Listeners were 9.8 times more likely to judge speakers who spoke approximately more than three syllables-per-second as fluent compared to those speakers who spoke less than three syllables-per-second. Listeners were approximately 18 times more likely to judge narratives wherein speakers verbalised for more than 50% of the picture description as denoting a fluent sample. In addition, listeners were almost three times more likely to judge speakers who showed minimal audible struggle as fluent relative to narratives assigned struggle scores of 4.3 or lower on a 5-point scale. That is, listeners were the most sensitive to speech productivity in judging language fluency, then to speech rate and finally to audible struggle.

Two of the original five variables (i.e., syllable TTR and filler ratio) failed to discriminate fluent from nonfluent samples, as evidenced by their exclusion from the regression model (both p >.05). Table 2 summarises parameters at each stage of this model, and Figure 1 demonstrates the magnitude of these differences for each predictor.

Several predictors in this regression model are correlated. For example, when one produced many hesitations, that person was also likely to show a diminished syllable TTR. Highly correlated predictors potentially violate the multicollinearity assumption of regression. Table 3 represents a correlation matrix detailing the strength of the relationships among our predictors. Field (2009) suggests a threshold of .80 for potential multicollinearity violation. Although none of our predictors exceeded this threshold, the correlation between speech rate and audible struggle (r = .74) approached it. Thus, one must interpret the exclusion of audible struggle from the final model with caution.

TABLE 3.

Correlation matrix for perceptual predictors of fluency

Speech rate Syllable TTR Speech productivity Audible struggle Filler ratio
Speech Rate 1 .05 .36** .74*** −.23
Syllable TTR 1 −.39** −.09 −.17
Speech Productivity 1 .41** −.14
Audible Struggle 1 .04

Correlation is significant

**

p < .01;

***

p < .001.

GENERAL DISCUSSION

The purpose of this study was to examine which perceptual features of speech contributed most to listeners’ perceptual judgements of language fluency. We have shown that as few as three variables can discriminate perceptual judgements of fluency with high accuracy. More specifically, listeners were sensitive to a weighted combination of how much patients said, how quickly they said it, and how much they struggled to say it. Other perceptual features we hypothesised would contribute to fluency (i.e., fillers and repeated syllables) were not significant predictors in our model.

With respect to these results, speech productivity was the most influential variable when listeners judged language fluency, which suggests that the absence of pauses, rather than increased speaking rate or less effortful speech, was a more influential factor in judging language fluency. Pausing is a common sign of word retrieval difficulty (Benson, 1967; Goldman-Eisler, 1963) and reflects a speaker’s effort with respect to phonation, articulation, and error correction (Benson, 1967). Although pausing itself does not specify speech production problems, the absence of pause can be a clear sign of fluent speech (Benson, 1967).

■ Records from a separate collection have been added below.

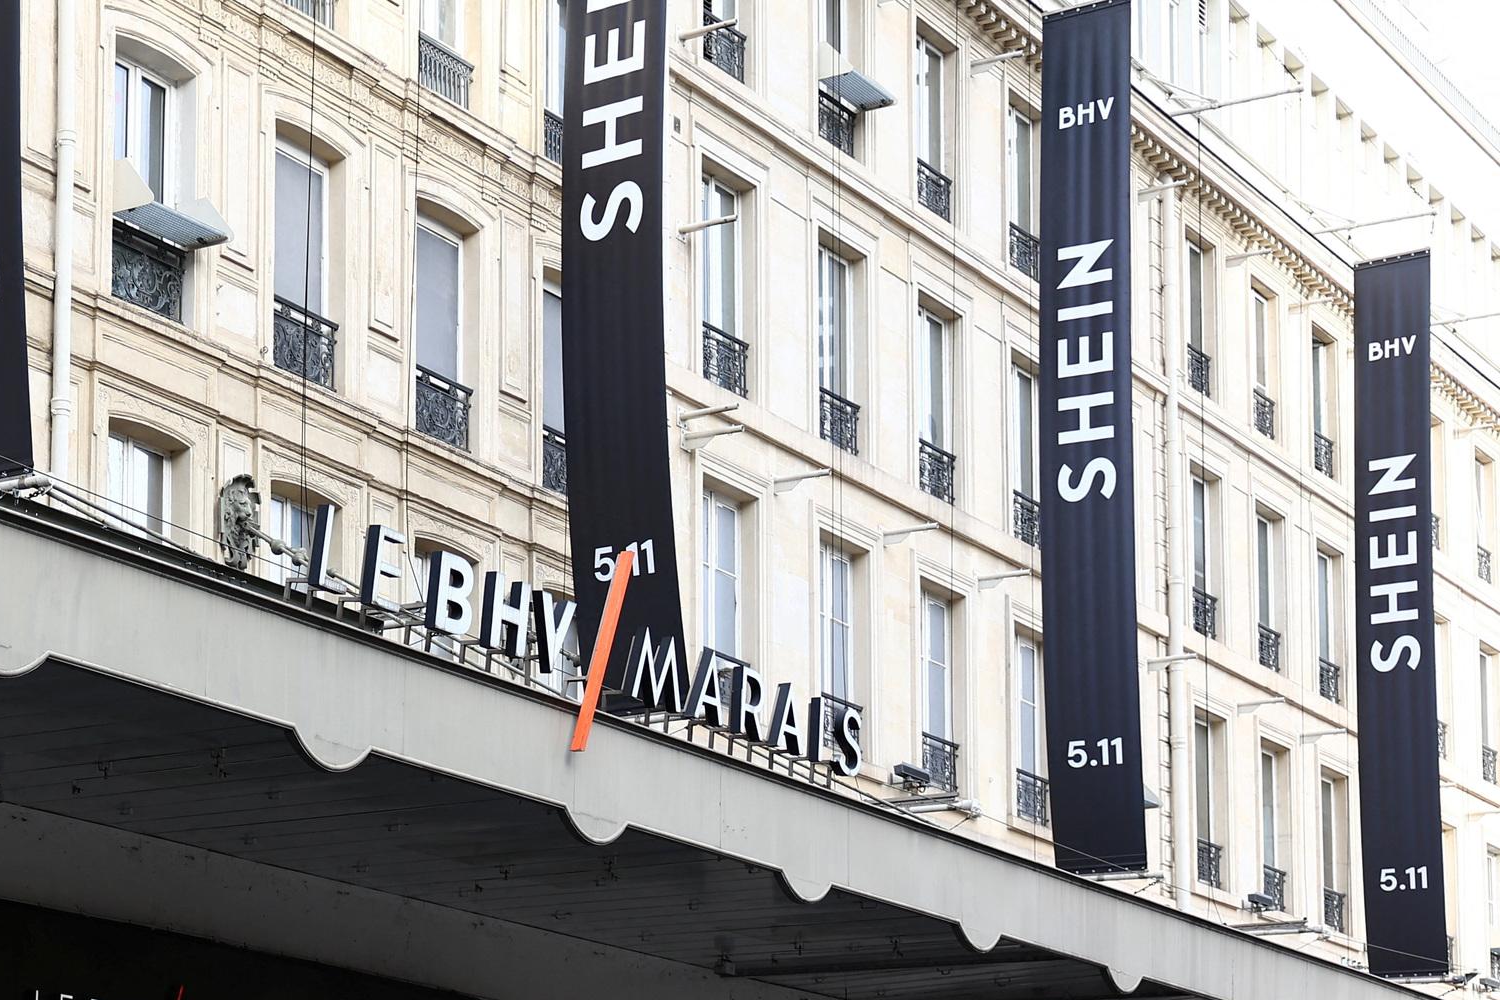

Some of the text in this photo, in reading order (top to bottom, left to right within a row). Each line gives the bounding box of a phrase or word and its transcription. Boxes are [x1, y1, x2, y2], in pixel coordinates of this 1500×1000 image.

[580, 0, 646, 242] SHE
[1058, 96, 1115, 130] BHV
[1057, 238, 1116, 503] SHEIN
[1368, 335, 1417, 362] BHV
[594, 538, 655, 582] 511
[1368, 453, 1420, 673] SHEIN
[308, 503, 862, 777] LE BHV MARAIS
[1067, 737, 1123, 768] 5.11
[1380, 866, 1428, 892] 5.11

Speech rate, the second most influential among our five features, has been identified as a significant variable affecting fluency judgement in many other studies (e.g., Benson, 1967; Gordon, 2006; Kerschensteiner et al., 1972; Wagenaar et al., 1975). However, previous studies (Benson, 1967; Gordon, 2006; Kerschensteiner et al., 1972; Kreindler et al., 1980) investigated speech rate at the word level, suggesting a cutoff of 50 words per minute for nonfluent and 90 words per minute for fluent speech (Kerschensteiner et al., 1972). On the other hand, our study explored speech rate at the syllable level, since distorted words and neologisms would potentially eliminate some of the utterances (Feyereisen et al., 1986). Based on the means for fluent and nonfluent speakers, our findings suggest a cut-off of approximately three syllables per second for fluent versus nonfluent. However, this assessment of speech rate in isolation must be interpreted with caution, as other parameters such as struggle and productivity also tended to co-vary with speech rate.

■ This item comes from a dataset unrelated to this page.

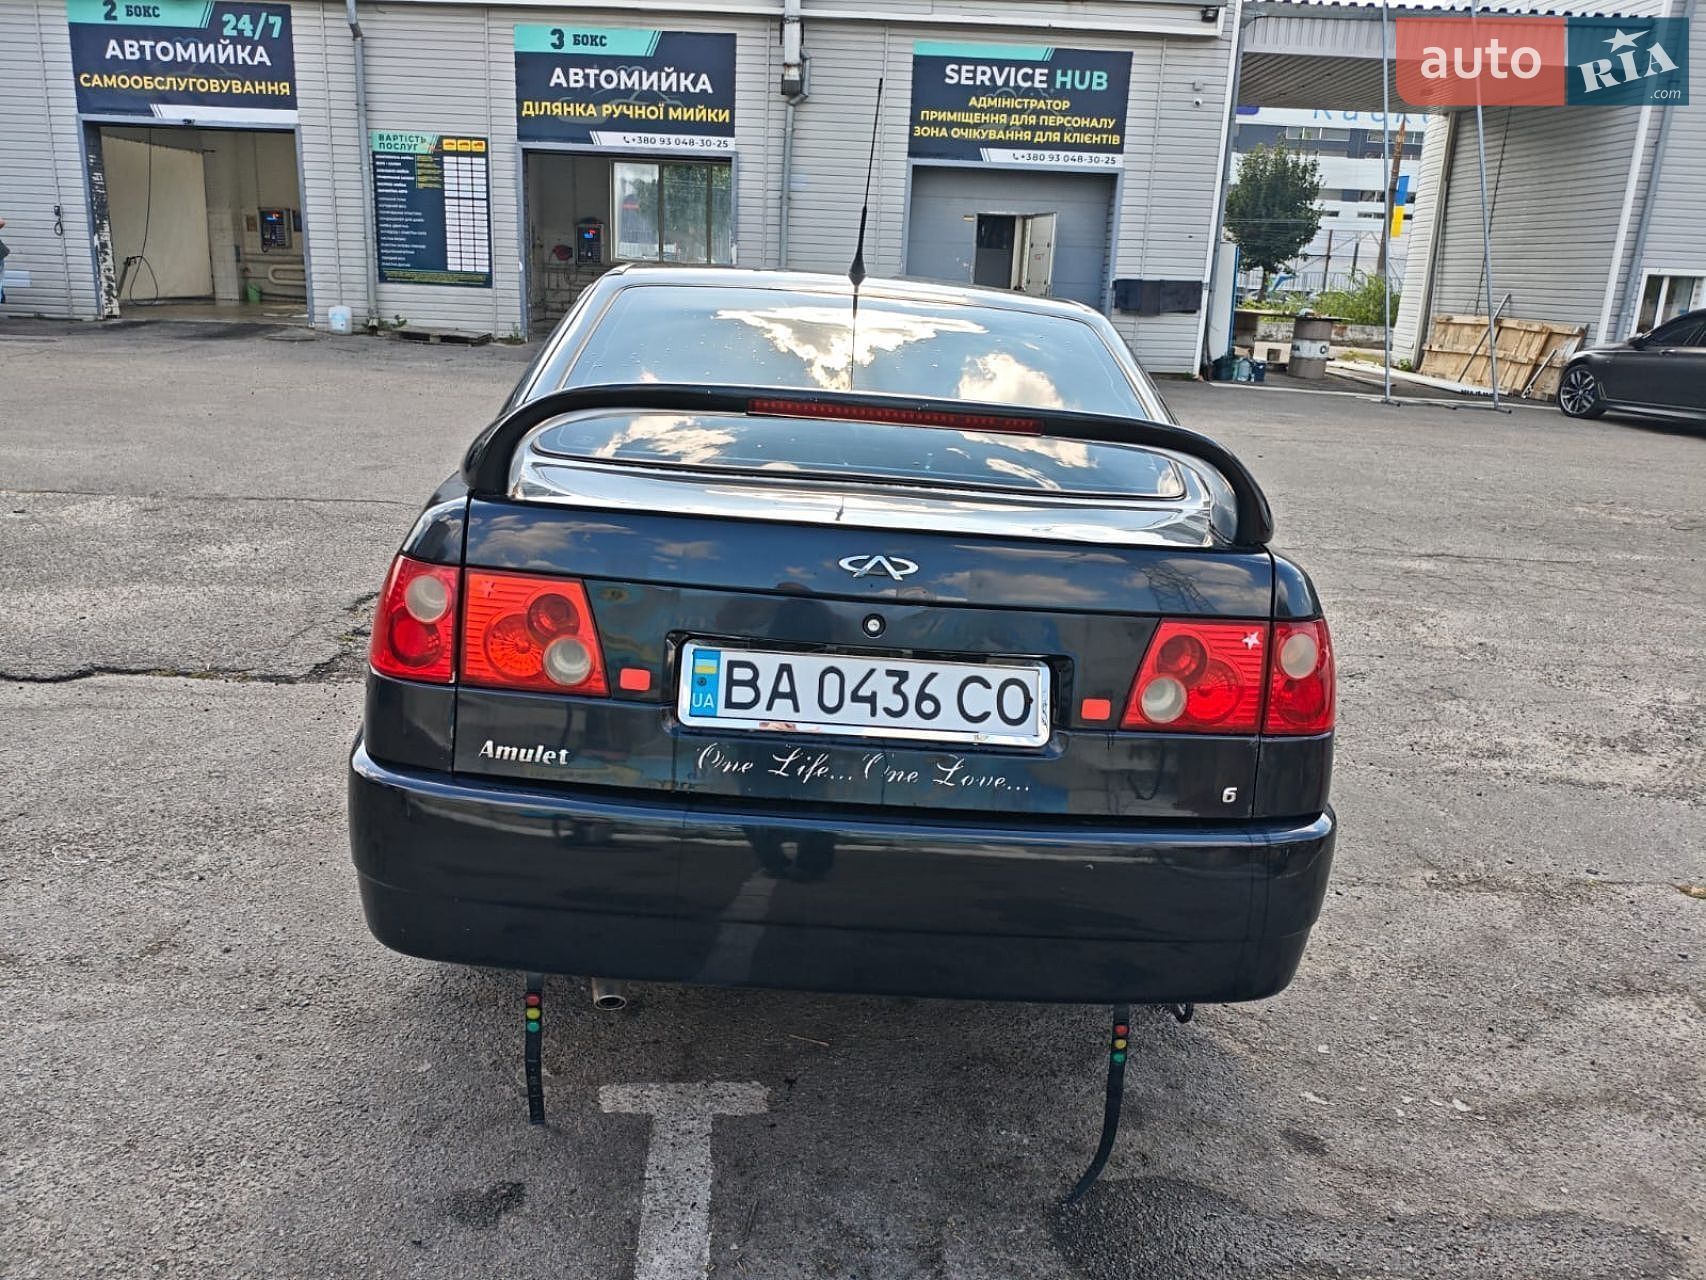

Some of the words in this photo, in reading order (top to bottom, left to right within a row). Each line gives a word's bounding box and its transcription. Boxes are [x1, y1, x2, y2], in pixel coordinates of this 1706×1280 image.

Audible struggle, previously described as an effort in initiation (Benson, 1967; Kerschensteiner et al., 1972) and in articulatory agility (Gordon, 1998), has been identified as a significant variable in fluency classification (Kerschensteiner et al., 1972). However, one issue that complicates the use of audible struggle in fluency classification is that its rating is often subjective, and studies have not been consistent in the use of rating scales. For example, a 3-point scale was used by Benson (1967) and Kerschensteiner et al. (1972), a 5-point scale was used in our study, and a 7-point scale was used by Gordon (1998). Additionally, subjective judgements like judging audible struggle are easily influenced by environmental variations (e.g., visual observation and listening vs. listening alone stimuli, etc.), which results in variability among listener ratings (Kent, 1996). Kent (1996) and Osberger (1992) also argued that perceptual judgements are influenced by listener’s experience with disordered speech. Since experienced listeners are more familiar with atypical utterances, they are more likely to have strong intra- and inter-rater reliabilities than inexperienced listeners. Our raters were experienced clinicians who were accustomed to listening to speakers with neurological disorders. Hence they may have been better able to identify audible struggle as a possible variable influencing their fluency ratings.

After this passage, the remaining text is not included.